(Dataset entries)
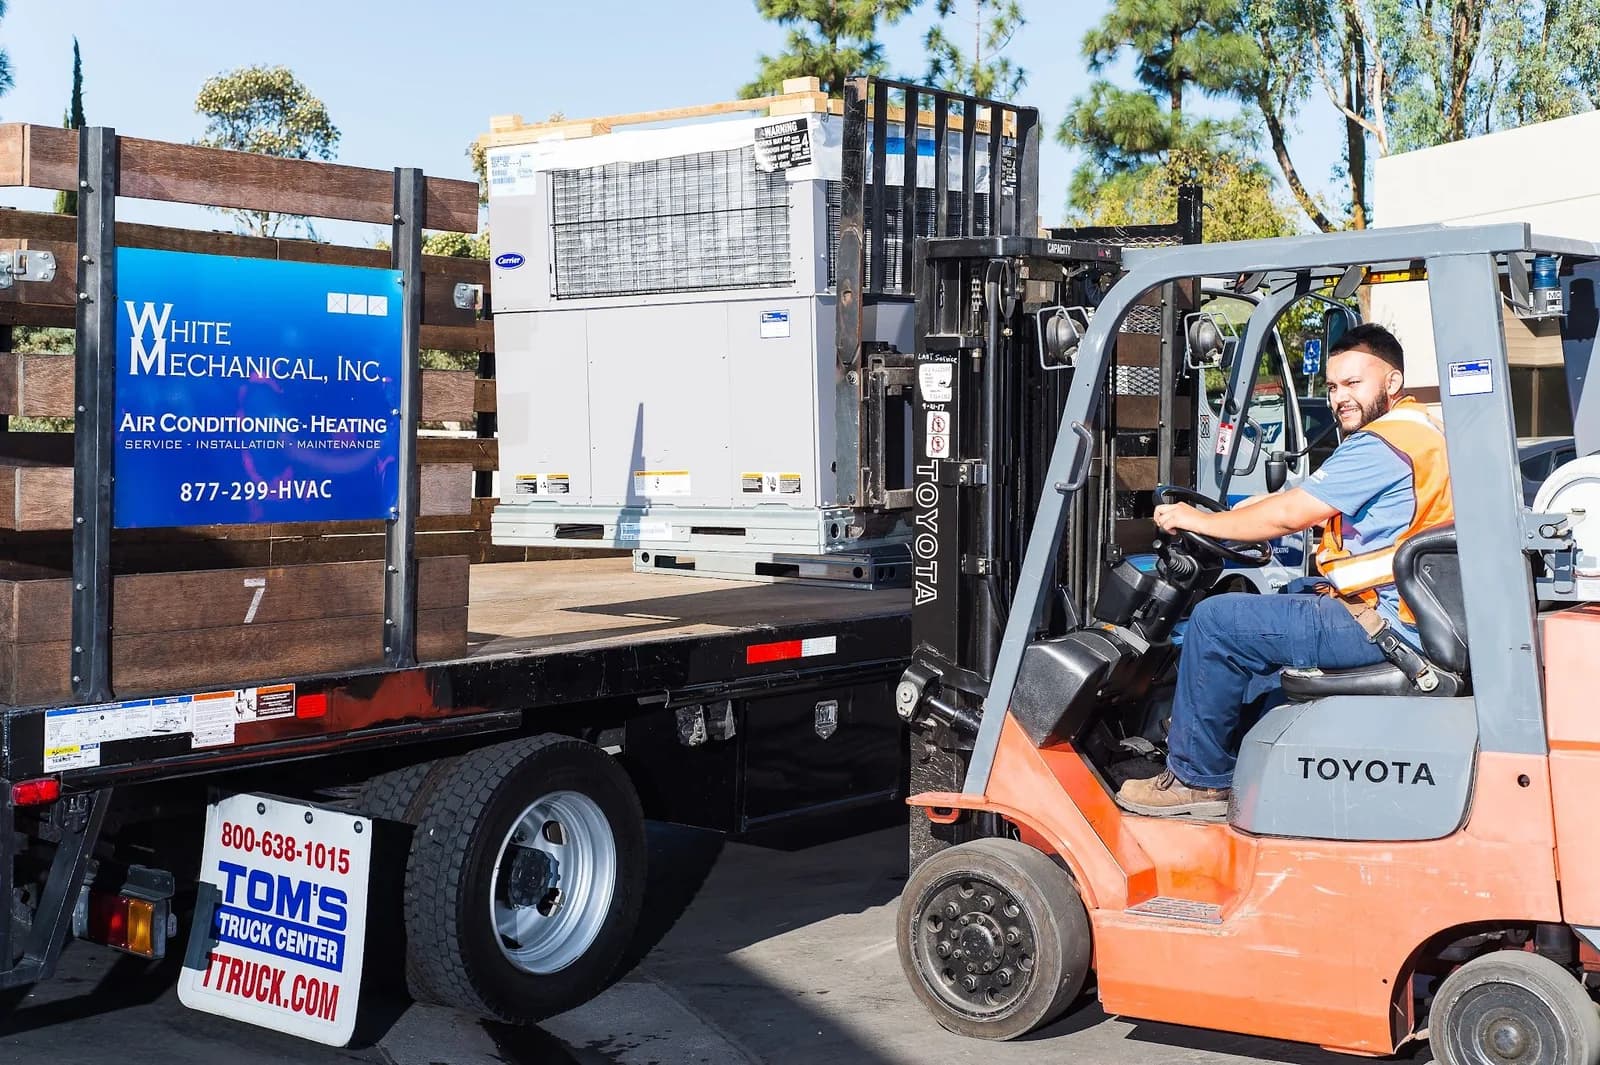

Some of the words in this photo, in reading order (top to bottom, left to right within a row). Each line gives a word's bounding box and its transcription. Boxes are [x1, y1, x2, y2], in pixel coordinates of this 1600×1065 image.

[764, 122, 798, 138] WARNING
[498, 256, 521, 265] Carrier
[1047, 243, 1072, 255] CAPACITY
[124, 301, 231, 345] WHITE
[129, 337, 329, 384] MECHANICAL,
[337, 356, 388, 382] INC.
[119, 413, 155, 433] AIR
[160, 413, 299, 433] CONDITIONING
[311, 415, 387, 433] HEATING
[125, 439, 183, 449] SERVICE
[196, 440, 285, 449] INSTALLATION
[297, 440, 381, 449] MAINTENANCE
[180, 479, 332, 502] 877-299-HVAC
[915, 459, 939, 606] TOYOTA
[243, 578, 266, 623] 7
[1298, 757, 1436, 786] TOYOTA
[221, 821, 351, 875] 800-638-1015
[218, 860, 348, 931] TOM'S
[220, 912, 273, 947] TRUCK
[275, 924, 338, 965] CENTER

§ **Task details**: Please copy the records above word for word, leaving out every picture.

§ **Reply**:
Some of the words in this photo, in reading order (top to bottom, left to right within a row). Each line gives a word's bounding box and its transcription. Boxes are [x1, y1, x2, y2], in pixel coordinates of this 1600×1065 image.

[764, 122, 798, 138] WARNING
[498, 256, 521, 265] Carrier
[1047, 243, 1072, 255] CAPACITY
[124, 301, 231, 345] WHITE
[129, 337, 329, 384] MECHANICAL,
[337, 356, 388, 382] INC.
[119, 413, 155, 433] AIR
[160, 413, 299, 433] CONDITIONING
[311, 415, 387, 433] HEATING
[125, 439, 183, 449] SERVICE
[196, 440, 285, 449] INSTALLATION
[297, 440, 381, 449] MAINTENANCE
[180, 479, 332, 502] 877-299-HVAC
[915, 459, 939, 606] TOYOTA
[243, 578, 266, 623] 7
[1298, 757, 1436, 786] TOYOTA
[221, 821, 351, 875] 800-638-1015
[218, 860, 348, 931] TOM'S
[220, 912, 273, 947] TRUCK
[275, 924, 338, 965] CENTER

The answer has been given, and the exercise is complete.